----- Record extracts

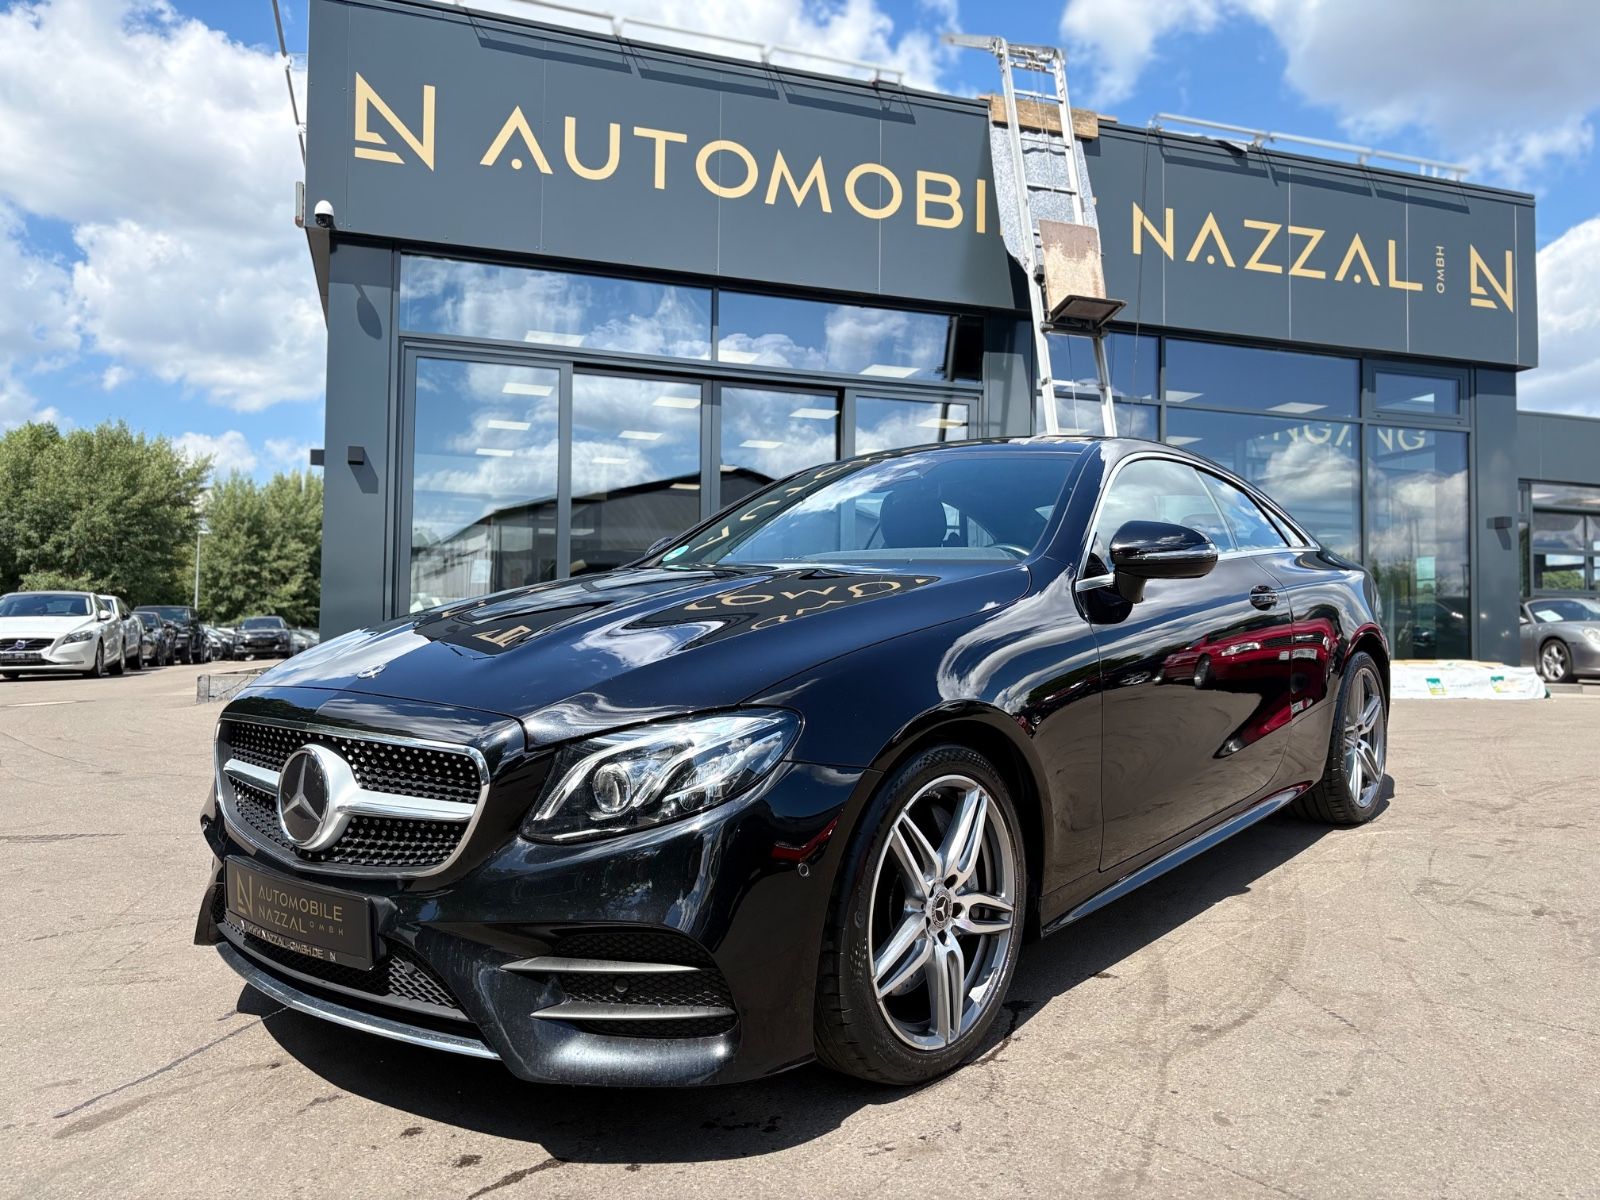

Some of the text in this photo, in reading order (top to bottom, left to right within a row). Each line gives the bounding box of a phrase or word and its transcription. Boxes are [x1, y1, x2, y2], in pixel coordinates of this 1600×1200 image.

[479, 105, 1097, 236] AUTOMOBI
[1132, 202, 1424, 292] NAZZAL
[258, 885, 343, 922] AUTOMOBILE
[258, 905, 308, 934] NAZZAL

----------

With the pictures left aside, write out all of the records above exactly.

* **Exercise solution**:
Some of the text in this photo, in reading order (top to bottom, left to right within a row). Each line gives the bounding box of a phrase or word and its transcription. Boxes are [x1, y1, x2, y2], in pixel coordinates of this 1600×1200 image.

[479, 105, 1097, 236] AUTOMOBI
[1132, 202, 1424, 292] NAZZAL
[258, 885, 343, 922] AUTOMOBILE
[258, 905, 308, 934] NAZZAL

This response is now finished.